Many demographic blips are missed in the early centuries, because estimates are very far apart. For example, it is likely that there was a significant population fall after the Romans left Britain in the fifth century.

What we do see is an acceleration of population growth in the (known-to-have-been) warm centuries at the beginning of the second millennium, followed by a huge decline mid-fourteenth century. This decline was the Black Death, which some of us will remember as the initial setting for Vincent Ward’s 1988 New Zealand time-travel Odyssey, The Navigator. (This movie might be due soon for a scheduling on Māori TV.) This plague is widely understood to have been a Malthusian crisis in Europe, an event triggered by pathogens arriving from Asia, but ultimately due to a mix of climate change and overpopulation relative to the economic capacity of the era.

The next population rise represents the impact of the transition to capitalism, the renaissance, and the first period of globalisation which began in the late fifteenth century.
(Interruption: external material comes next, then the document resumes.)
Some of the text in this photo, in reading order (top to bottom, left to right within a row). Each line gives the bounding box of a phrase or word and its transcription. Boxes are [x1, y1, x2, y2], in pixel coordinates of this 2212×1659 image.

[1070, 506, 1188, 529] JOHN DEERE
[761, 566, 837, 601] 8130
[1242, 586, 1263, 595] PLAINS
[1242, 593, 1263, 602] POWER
This higher growth rate continued in the United Kingdom until about 1800, interrupted mainly by the Civil War of the 1640s. It was in 1798 that Thomas Malthus published the first edition of his seminal ‘Essay on the Principle of Population’. This was in response to a widely-held viewpoint that population growth – virtually unlimited at then historical levels – was sustainable and beneficial to economic progress.
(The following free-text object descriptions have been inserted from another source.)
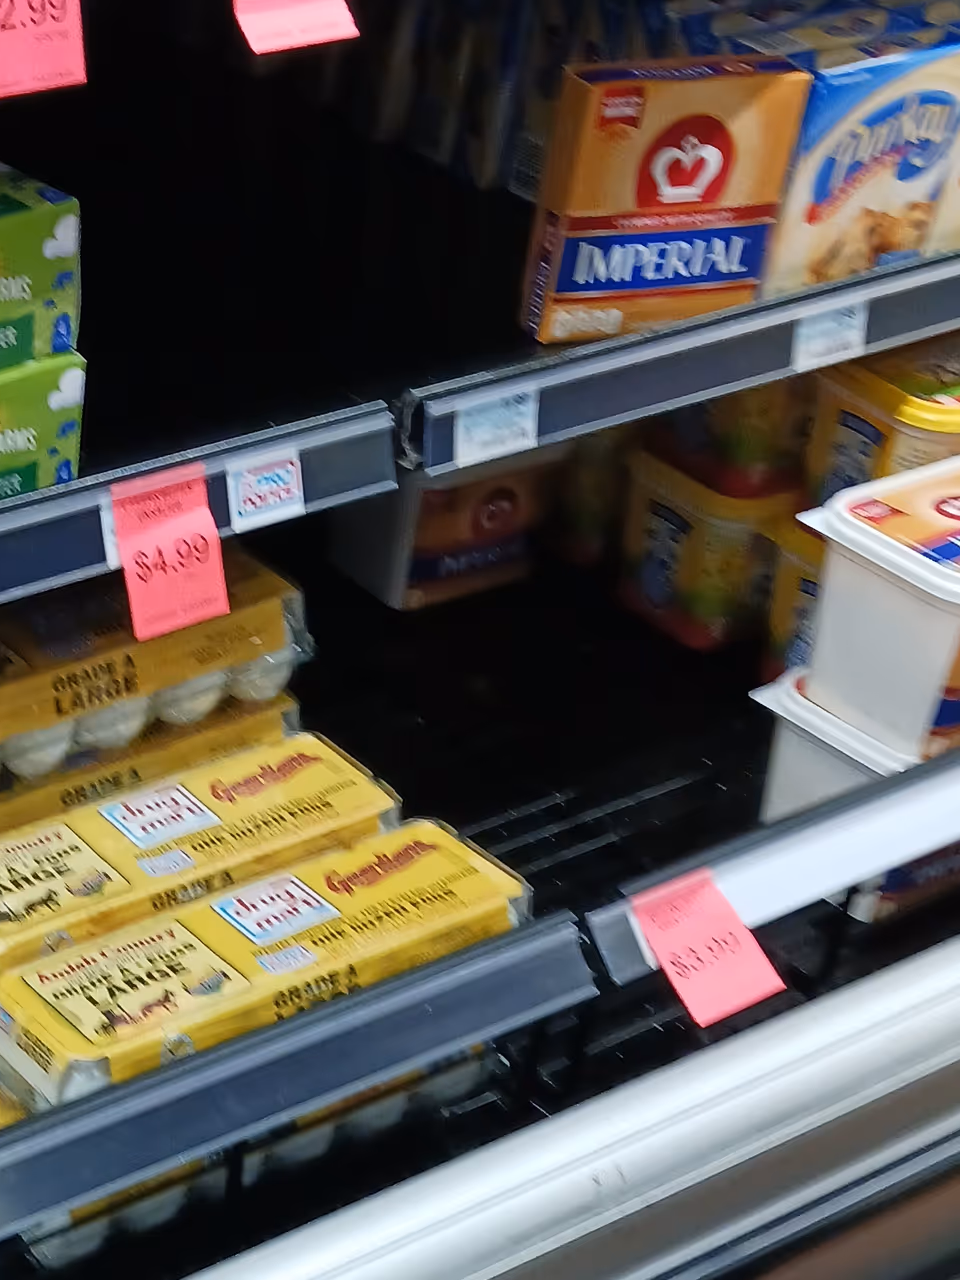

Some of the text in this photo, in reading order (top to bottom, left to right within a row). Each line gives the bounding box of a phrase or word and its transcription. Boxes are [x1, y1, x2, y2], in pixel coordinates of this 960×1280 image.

[572, 236, 752, 284] IMPERIAL
[133, 533, 210, 583] $4.99
[83, 960, 190, 1007] LARGE
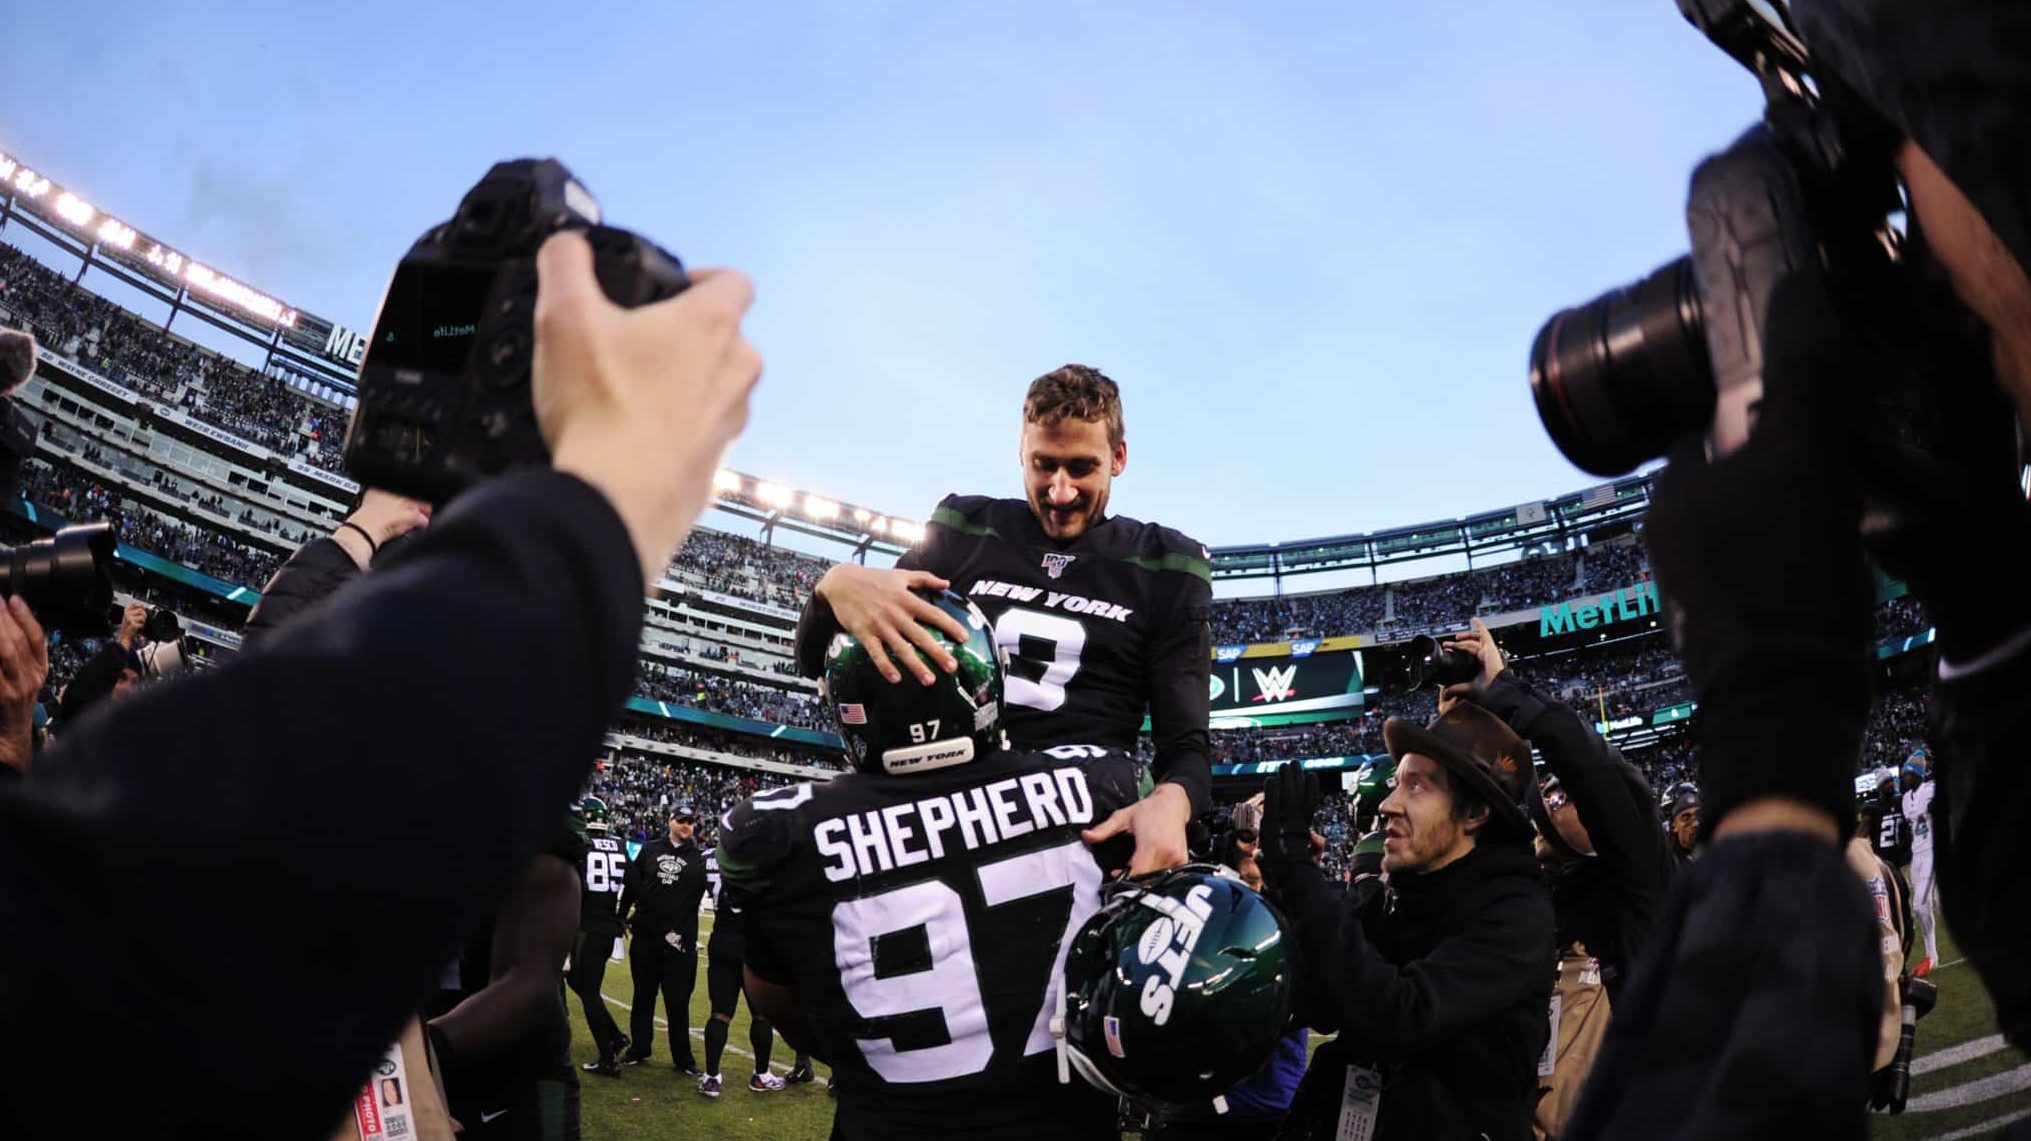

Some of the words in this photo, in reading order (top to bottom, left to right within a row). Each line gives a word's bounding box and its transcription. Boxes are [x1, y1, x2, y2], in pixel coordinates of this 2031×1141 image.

[969, 580, 1043, 602] NEW
[1044, 592, 1134, 622] YORK
[995, 608, 1087, 711] 9
[1217, 649, 1241, 660] SAP
[1292, 642, 1316, 654] SAP
[910, 719, 940, 743] 97
[890, 756, 923, 767] NEW
[927, 749, 965, 761] YORK
[814, 768, 1093, 883] SHEPHERD
[586, 851, 626, 892] 85
[833, 841, 1103, 1084] 97
[1138, 884, 1213, 1027] JETS
[362, 1095, 377, 1133] PHOTO
On the face of it, Malthus’ timing was very bad. Population growth accelerated sharply over the next decade or so, the early years of the industrial revolution. There are three main reasons for this acceleration. First, the growth of fossil fuels, as coal displaced (depleted) wood as an energy source. Second was the widespread adoption of the potato, a product of globalisation that originated in South America. Third was the incorporation in 1800 of Ireland into the United Kingdom.

In the middle years of the nineteenth century – the 1840s in particular – the United Kingdom experienced its second main Malthusian crisis of the millennium. The potato famine in Ireland combined with pandemics of cholera and tuberculosis in England, peaking in 1848 (although tuberculosis remained the number one scourge well into the twentieth century).

Recovery from Malthusian doom was due, this time, to the huge expansion of land inhabited by British (and other European) people. It was the beginning of the growth of the Neo-Britains such as New Zealand; the growth of the ‘anglosphere’. This expansion of British settlement helped population to grow rapidly within the United Kingdom. Food became much cheaper during this second era of globalisation, dating in essence from around 1850. Traditional large families suffered fewer deaths after 1850, and the British were much slower than the French to adopt contraception.

The chart shows that, in the United Kingdom at least, population growth slowed substantially in the twentieth century. World War 1 was part of this; indeed, it could be argued that this war was the third great Malthusian crisis of the second millennium. Overpopulation relative to global carrying capacity in the 1910s was very real, as the gains to British people from British expansion were surpassing their natural limits.

From the 1920s we had the new opportunities offered by electricity, oil and natural gas, antibiotics, and chemical syntheses of products that mimicked natural ones. (Important here in a New Zealand context is the role of topdressing fertiliser on pastoral farmland.) The result was another substantial increase in the carrying capacity of the world, including the United Kingdom.

Many of us sense that the next Malthusian crisis may be only a decade-or-so away. The good news is that the economic, accounting and technological ideas that may lead to the next post-Malthusian recovery are also present in today’s ‘outsider’ intellectual environment. The lesson of history, however, is that humankind will probably need to experience a substantial economic and demographic crisis before necessary solutions are actually adopted. During the 2020s, wilful blindness and alternative falsehoods will continue to prevail.